Kidros respiró entonces con tranquilidad.
—En fin —dijo—, veremos cómo acaba esto. En cuanto a ladrones, si alguna vez los ha habido, más vale que se hayan escapado.
Durante aquel tiempo, Scarpante conversaba en voz baja con Saffar y
Yarhud.
—¿Pretendes acaso…? —preguntó Saffar.
—Pretendo suscitar aquí mismo a ese Ahmet alguna desagradable aventura, que pudiera entretenerle algunos días en Trebisonda y separarle de su prometida.
—Sea; pero si fracasa la astucia…
—Entonces, usaremos la fuerza —dijo Scarpante.
En aquel momento Kidros percibió a Saffar, Scarpante y Yarhud, a quienes no había visto todavía. Avanzó hacia ellos, y con tono muy amable dijo:
—¿Qué esperáis, señores?
—Unos viajeros, que deben llegar de un momento a otro para pasar la noche en la posada —respondió Scarpante.
En aquel momento se oyó fuera el ruido de una caravana, cuyos caballos o mulas se detenían a la puerta exterior.
—Quizá lleguen ahora —dijo Kidros.
Y se dirigió al encuentro de los recién llegados.
—En efecto —exclamó, deteniéndose a la puerta—, he aquí viajeros que vienen a caballo. Algunos ricos personajes, sin duda, a juzgar por su fisonomía… ¿Qué menos puedo hacer que ofrecerles mis servicios?
Y salió.
Pero, al mismo tiempo que él, Scarpante se había adelantado hasta la entrada del patio para ver a los recién llegados.
—¿Serán esos viajeros Ahmet y sus compañeros? —preguntó, dirigiéndose al capitán maltés.
—¡Son ellos! —respondió Yarhud, que retrocedió vivamente a fin de no ser reconocido.
—¿Ellos? —exclamó Saffar, adelantándose a su vez, pero sin salir del patio de la posada.
—Sí —respondió Yarhud—; he aquí a Ahmet, a su novia…, su esclava…, los dos criados.
—Permanezcamos ocultos —dijo Scarpante, haciendo una señal a Yarhud para que se escondiese.

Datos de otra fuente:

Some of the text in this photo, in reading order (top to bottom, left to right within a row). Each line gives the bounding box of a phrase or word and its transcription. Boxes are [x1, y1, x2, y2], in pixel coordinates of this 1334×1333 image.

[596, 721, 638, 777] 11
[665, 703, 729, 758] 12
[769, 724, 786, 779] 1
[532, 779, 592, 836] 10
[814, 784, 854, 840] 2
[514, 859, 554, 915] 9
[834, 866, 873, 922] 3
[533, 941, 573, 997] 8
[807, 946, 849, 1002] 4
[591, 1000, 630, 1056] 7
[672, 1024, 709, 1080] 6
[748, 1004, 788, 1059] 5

—Ya se oye la voz del señor Kerabán —repuso el capitán maltés.
—¿Kerabán…? —exclamó vivamente Saffar. Y se precipitó hacia la puerta.
—Pero ¿qué os sucede, señor Saffar? —preguntó Scarpante muy sorprendido—. ¿Por qué ese nombre de Kerabán os causa tal emoción?
—¡Él… es él…! —respondió Saffar—. Es el viajero con quien me encontré en el ferrocarril del Cáucaso…, que disputó conmigo y quiso impedir el paso a mis caballos.
—¿Os conoce?
—Sí…, y no me sería difícil continuar aquí aquella disputa…, detenerle…
—¡Eh, eso no detendría a su sobrino! —respondió
Scarpante.
—¡Yo sabría desembarazarme del sobrino como del tío!
—¡No… no…, nada de disputas…, nada de ruido! —respondió Scarpante insistiendo—. Creedme, señor Saffar; ¡que ese Kerabán no pueda sospechar vuestra presencia aquí! ¡Que no sepa que Yarhud ha robado a la hija del banquero Selim por vuestra cuenta…! Sería arriesgarse a perderlo todo.
—Sea —dijo Saffar—; me retiro y me fío de tu habilidad, Scarpante. Pero sal bien de tu empresa.
—Saldré bien, señor Saffar, si me dejáis obrar. Volved a Trebisonda esta misma tarde.
—Volveré.
—Tú también, Yarhud, abandona al instante la posada —repuso
Scarpante—. Te conocen, y no es conveniente que te reconozcan.
—Helos ahí —dijo Yarhud.
—¡Dejadme…, dejadme solo! —exclamó Scarpante, rechazando al capitán del Güidar.
—Pero ¿cómo podemos alejamos sin ser vistos? —preguntó Saffar.
—¡Por aquí! —respondió Scarpante, abriendo la puerta situada en el tabique de la izquierda, y que daba acceso al campo.
Saffar y el capitán maltés salieron en seguida.
—¡Era tiempo! —se dijo Scarpante—. Y ahora tengamos alerta la vista y el oído.